II Powers to be exercised only at the Board Meeting:

      Section 292 of the Act advocates certain powers that can be exercised by means of a resolution passed at the Board Meeting and not by circulations. They are:

  1. Power to make calls on the shareholders
  2. Power to issue debentures
  3. Power to extend loans
  4. Power to borrow money other than from debentures
  5. Power to invest funds of the company.

      The Board may, by a resolution passed at the meeting, delegate the last three powers to any committee of Directors, the managing directors, managers or other principal officials of the company. But the Board must specify the limit of such delegations.

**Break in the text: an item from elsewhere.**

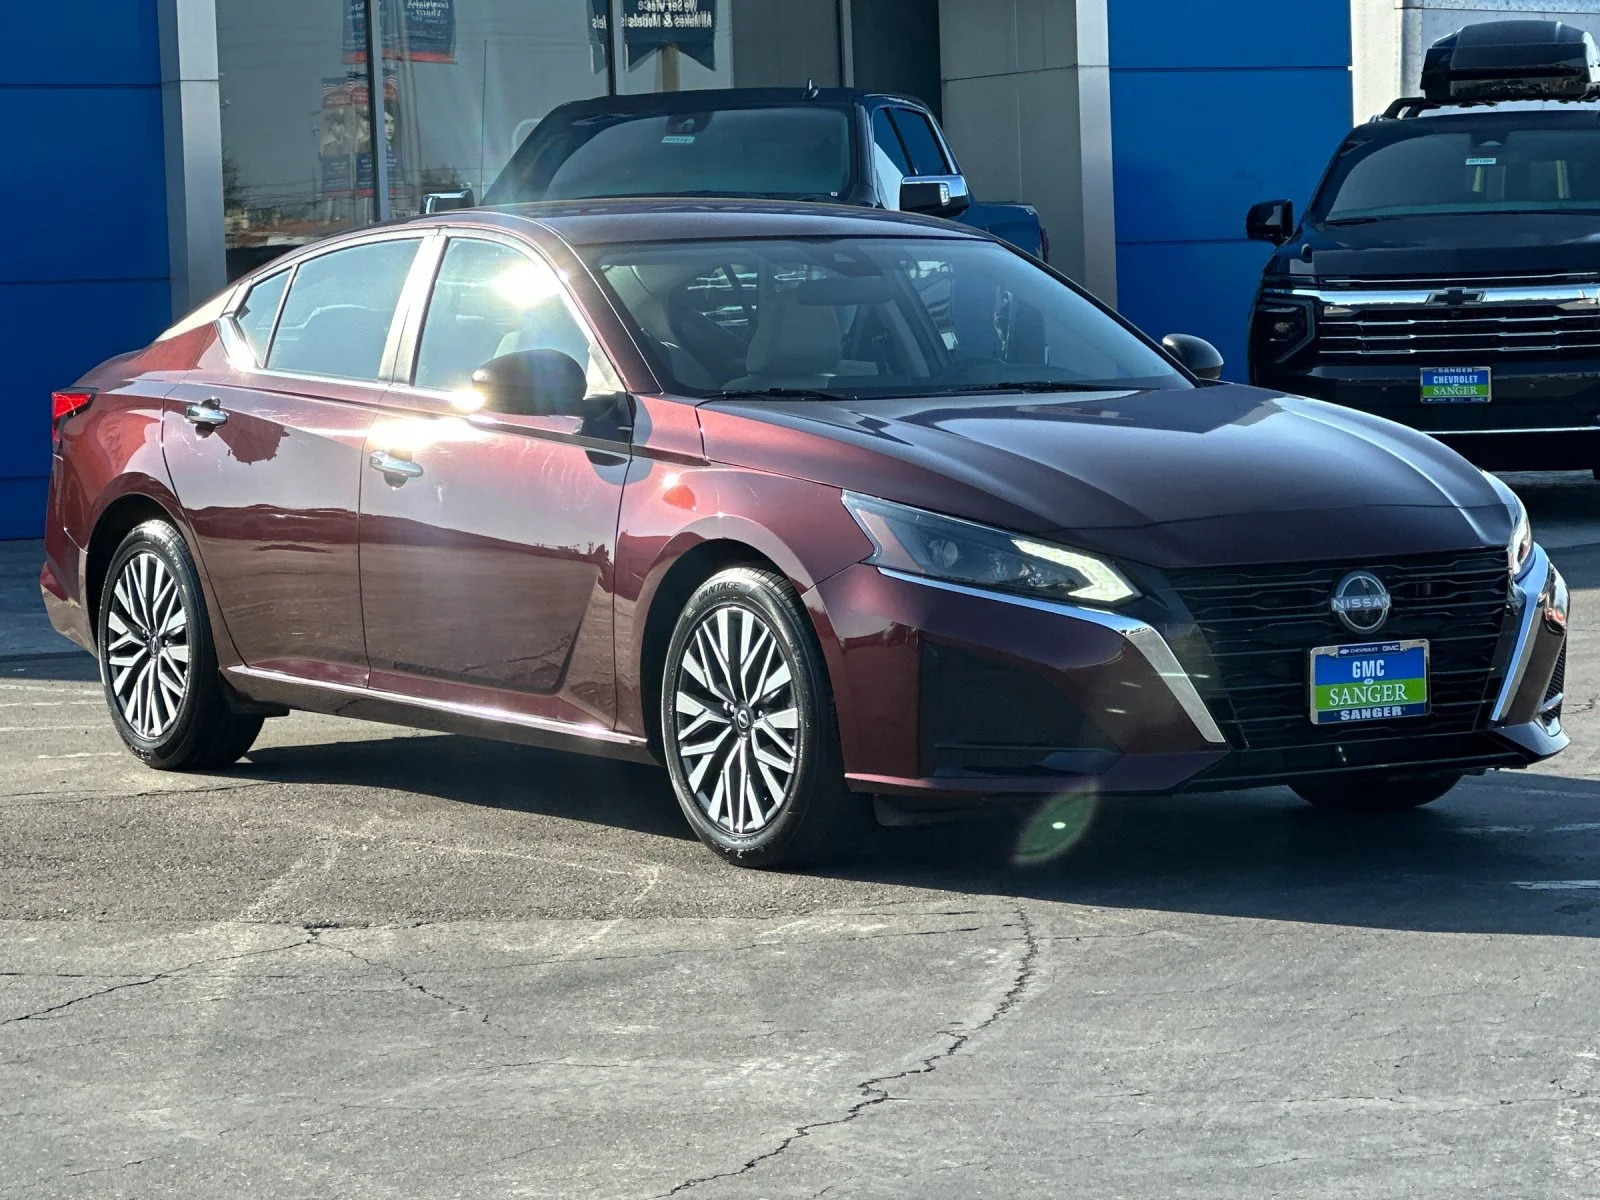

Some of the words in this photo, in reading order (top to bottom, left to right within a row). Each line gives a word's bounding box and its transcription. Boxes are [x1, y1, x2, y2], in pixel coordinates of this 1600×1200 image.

III Specific Powers: The Directors of the company are specifically empowered to:
  1. Supervise, direct and control the affairs of the company.
  2. Dispose of the shares which are ready for issue
  3. Appoint auditor within one month of its registration.
  4. Fill up the vacancies in the office
  5. If authorised by the article, appoint additional directors
IV Additional Powers:

      The following are the additional powers of the Director of the Company:

  1. To appoint a person as manager, if he is already a manager of another company.
  2. To declare the solvency of the company in case of winding up.
  3. Receive notice of discloser of Directors interest.
  4. Receive notice of discloser of Directors share holdings
  5. Make investment in companies in the same group
Loan to Directors:

      Since the Directors of a Company have a direct control over the management of the company, they are apparently in a gainful position to obtain benefits by way of loan. They can misuse the Company's funds for their vested interest.

      In order to impose restriction to this aspect, the Companies Act strictly regulated the lending of money to Directors.

      Section 295 of the companies Act provides that except with prior approval of the Central Government, a company must not directly or indirectly loan to:

  1. Any director of the Company or to any partner or relative of any director
  2. Any firm in which any director or his relative is a member
  3. Any private company of which any director is a member
  4. Anybody corporate at whose general meeting any such director control 25% of voting power.